REALISATEUR :
Werner Herzog
ACTEURS : Timothy Treadwell, Werner Herzog...
DUREE : 1h43'
Timothy Treadwell, un marginal assez instable, se rend chaque été en Alaska pour vivre à proximité des grizzlys. Il se filme et filme les ours, accompagnant chaque séquences d'interminables monologues. La treizième été, il se fait dévorer avec sa compagne.
Ce film raconte la vie d'un homme atypique, qui trouve sa raison d'être en bravant chaque été la mort auprès d'animaux énormes, sauvages et totalement indifférents à sa présence. Ne parvenant pour ainsi dire à établir aucun réel contact avec eux, il passe son temps à prendre des risques inutiles et à parler de lui-même.
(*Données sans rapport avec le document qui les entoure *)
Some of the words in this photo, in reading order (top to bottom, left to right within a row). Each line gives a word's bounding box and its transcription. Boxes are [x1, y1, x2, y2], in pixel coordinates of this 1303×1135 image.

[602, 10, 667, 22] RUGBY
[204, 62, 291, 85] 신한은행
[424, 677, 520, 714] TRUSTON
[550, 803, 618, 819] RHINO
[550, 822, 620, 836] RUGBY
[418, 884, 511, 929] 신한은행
Comme le note Werner Herzog dans le commentaire, jamais on ne remarque dans le regard des ours la moindre complicité, la moindre affection, la moindre forme de relation ou de reconnaissance avec Timothy Treadwell, qui, pendant treize ans pourtant, a partagé leurs étés. Jamais non plus Timothy Treadwell ne semble faire quoi que ce soit d'utile en ce qui les concerne. Il est là, comme la mouche du coche, s'improvisant défenseur de la nature et ambassadeur des grizzly, et ne fait que gesticuler et monologuer.
Le personnage pourrait être définitivement antipathique s'il n'était au fond profondément pathétique. L'inutilité totale de son entreprise masquée par le risque et l'originalité, il passe son temps en représentation, à se fabriquer un personnage théâtral, à la fois vain et excessif, jubilant et souffrant, et surtout essentiellement perdu.
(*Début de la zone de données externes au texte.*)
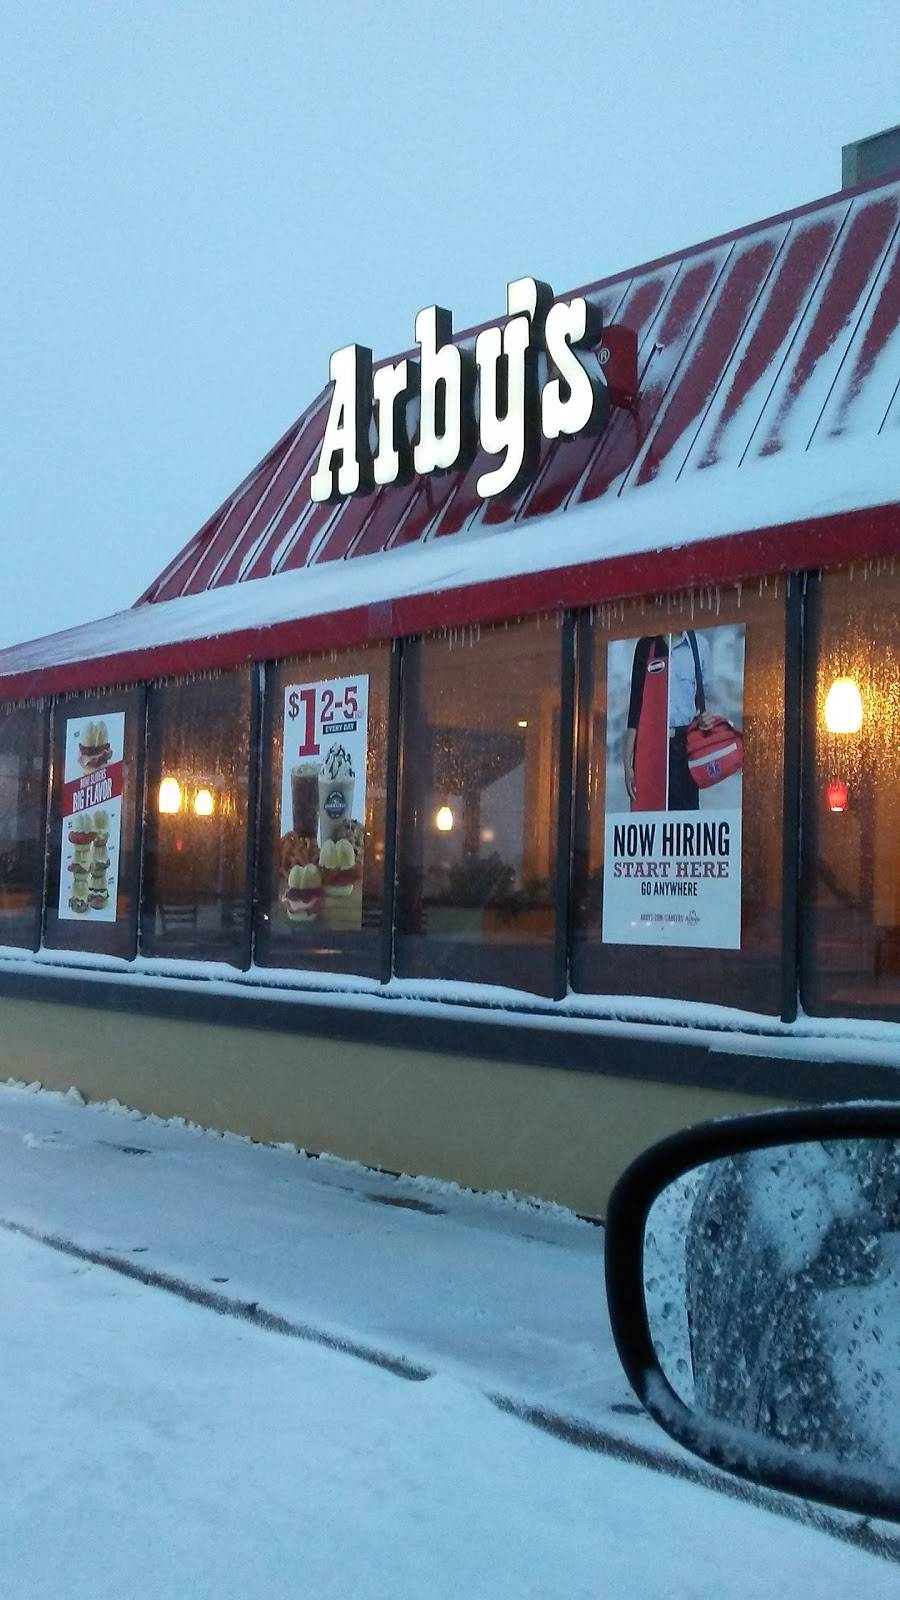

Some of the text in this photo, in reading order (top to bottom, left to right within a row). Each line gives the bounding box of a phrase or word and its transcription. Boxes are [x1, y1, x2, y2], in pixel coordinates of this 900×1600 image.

Quant au film lui-même - sans concession, implaccable même pour condamner l'ambiguité des motivations de Timothy Treadwell comme sa responsabilité dans le drame final qui lui a coûté la vie et celle de sa compagne - il n'en est pas moins profondément émouvant, dans la manière qu'il a de suivre, d'épouser, de compatir presque à une inévitable déroute, un fiasco minable et grandiose à la fois.
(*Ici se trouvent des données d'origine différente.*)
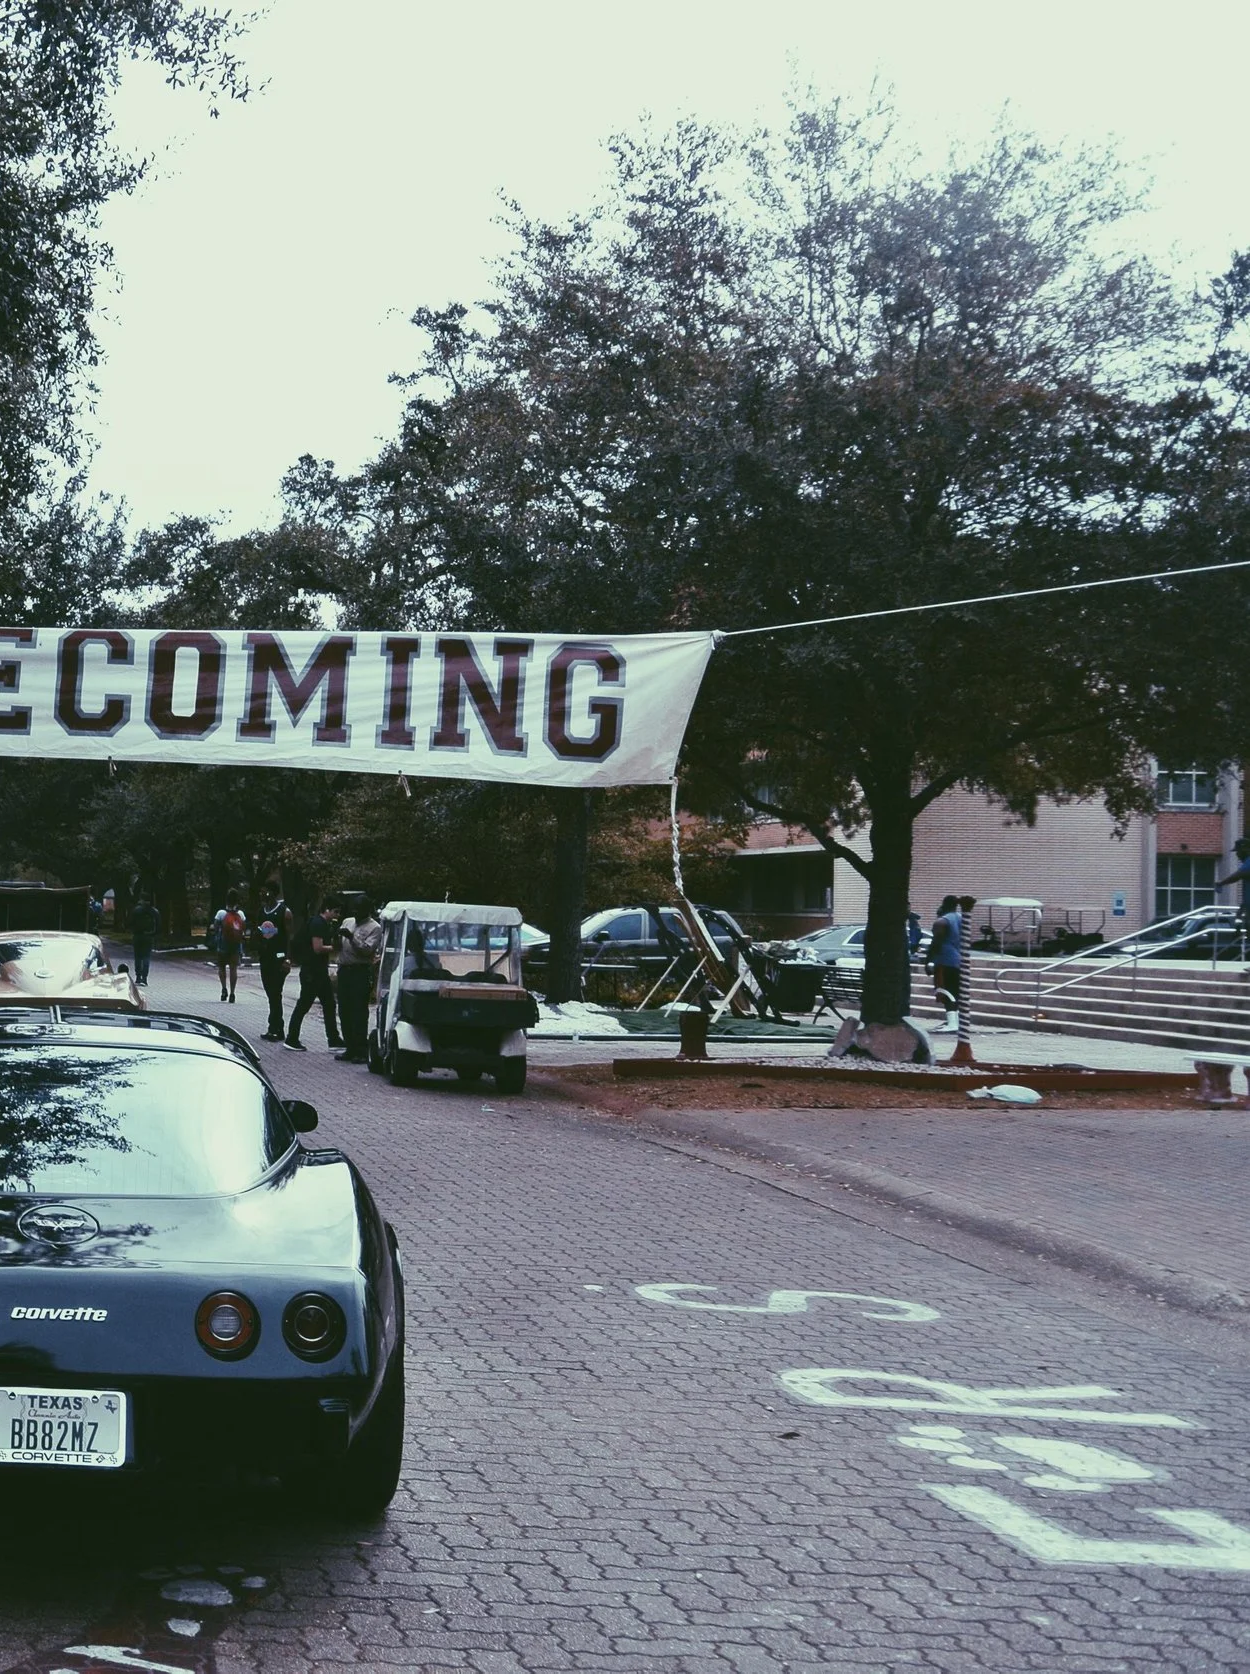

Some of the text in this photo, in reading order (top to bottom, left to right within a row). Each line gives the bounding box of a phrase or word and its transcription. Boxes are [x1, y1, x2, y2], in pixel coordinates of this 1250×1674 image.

[10, 1306, 108, 1322] corvette
[27, 1395, 84, 1411] TEXAS
[28, 1408, 81, 1420] Classic Auto
[10, 1418, 99, 1453] BB82MZ
[11, 1451, 92, 1463] CORVETTE
Aussi, à la fin, quand tout semble n'avoir été que mystification, caricature, canulard, supercherie amère et cynique, il reste le souvenir de cette nature d'une beauté et d'une grandeur inhumaine, et cette musique au contraire d'une grande humanité, superbe, une des plus belles qui soit, seul regard juste et humain qui se pose sur ces images et cette histoire désespérante.